Other non-medicine strategies include:

• Education and information about anxiety [print and electronic resources e.g. CRUfAD online treatment manuals, SANE factsheets and podcasts)
• Relaxation therapy (e.g. meditation, progressive muscle relaxation, deep breathing techniques)
• Social skills training
• Community support organisations/self-help groups


What about counselling?

Psychological therapies help by changing certain behaviours, beliefs and thinking patterns that contribute to anxiety. Many people prefer psychological therapies to medicines.

While psychological therapies can involve a lot of time and effort — for example, you may need to start with 8–20 hours of CBT, or continue it for months under the guidance of a health professional — the benefits are usually maintained for at least 12 months after stopping therapy, and possibly for as long as you apply the skills learned.

Some GPs have training in psychological therapies but will often refer to another health professional who specialises in mental health conditions. Medicare may subsidise your psychological therapy if you have a GP referral to a psychologist and a GP Mental Health Care Plan.


Traditional medicine-based treatment:

If psychological therapies and other non-medicine strategies do not provide sufficient benefit or are unsuitable, an antidepressant may be prescribed. Not all antidepressants have been studied in all anxiety disorders. Those that are often used in treatment come from a group of antidepressants called selective serotonin reuptake inhibitors (SSRIs). These antidepressants include the active ingredients escitalopram (in brands like Esipram and Lexapro), fluoxetine (e.g. Prozac), fluvoxamine (e.g. Luvox), paroxetine (e.g. Aropax) and sertraline (e.g. Zoloft).

Other types of antidepressants that are used for some types of anxiety disorders include clomipramine (e.g. Anafranil), moclobemide (e.g. Aurorix) and venlafaxine (e.g. Efexor).

It’s impossible to know in advance how each person will respond to a particular medicine. Many people find they cannot tolerate the side effects of the first antidepressant they try, or that it does not work for them, so you may need to try different medicines before finding one that works best.

An antidepressant may work as well as CBT for some people with anxiety (e.g. those with GAD or generalised social anxiety disorder). However, up to 40% of people relapse 6–12 months after stopping their medicine — in the long term, psychological therapies are more likely to be effective in managing an anxiety disorder.

Once you start a course of antidepressants, it may take at least 12 weeks for your anxiety to be relieved.
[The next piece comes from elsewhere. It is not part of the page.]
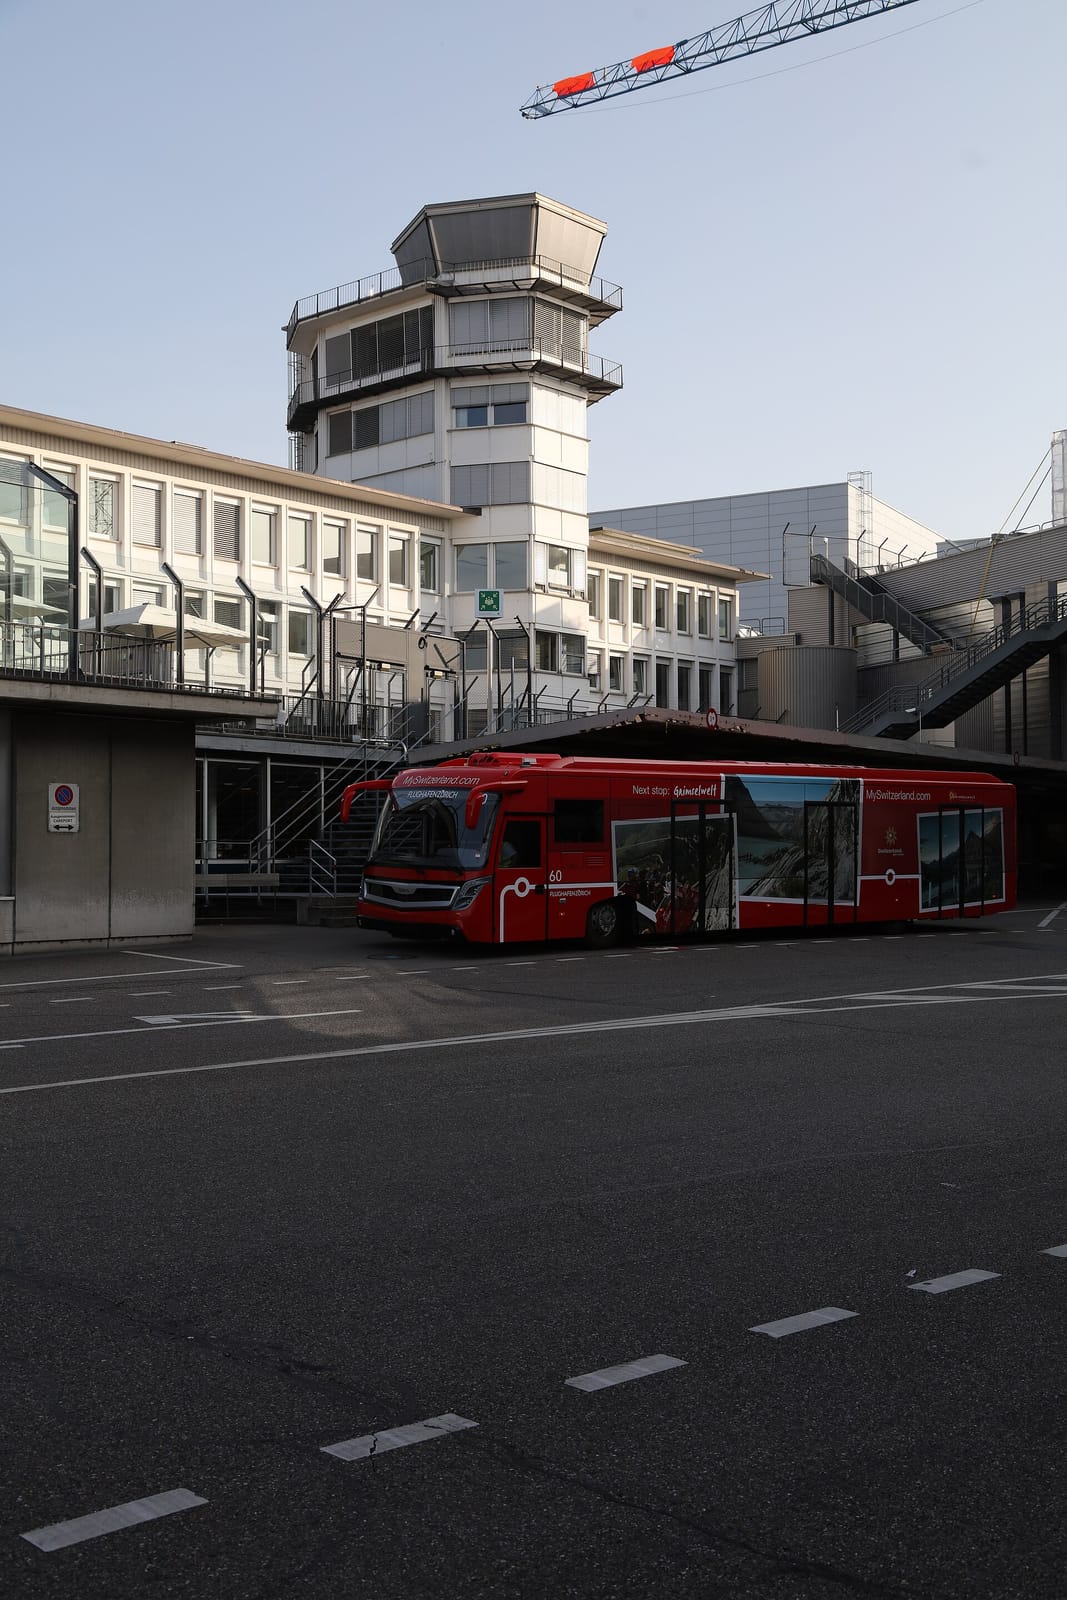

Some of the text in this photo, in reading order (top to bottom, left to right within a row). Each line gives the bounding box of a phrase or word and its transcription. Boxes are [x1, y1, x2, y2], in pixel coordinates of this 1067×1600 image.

It’s important that you talk to your doctor if you feel your medicine is not working, is causing you side effects, or if your anxiety returns after you’ve stopped the medicine.


What about other medicines?

Benzodiazepine medicines like diazepam (the active ingredient in brands like Valium) are sometimes prescribed when psychological therapies, other non-medicine strategies or antidepressants aren’t working.

Benzodiazepines should only be taken in these circumstances on a short term basis. This is because they can cause adverse effects like dependence — especially if you’ve been dependent on alcohol or other drugs in the past — and withdrawal symptoms can occur after you stop treatment. Antidepressants are also more effective than benzodiazepines for treating the uncontrollable worry associated with GAD.

Other medicines may also be prescribed on an as needed basis. For example, some people may take a beta-blocker medicine (e.g. propranolol, the active ingredient in brands like Inderal) before a social event or performance to control symptoms like a racing heart.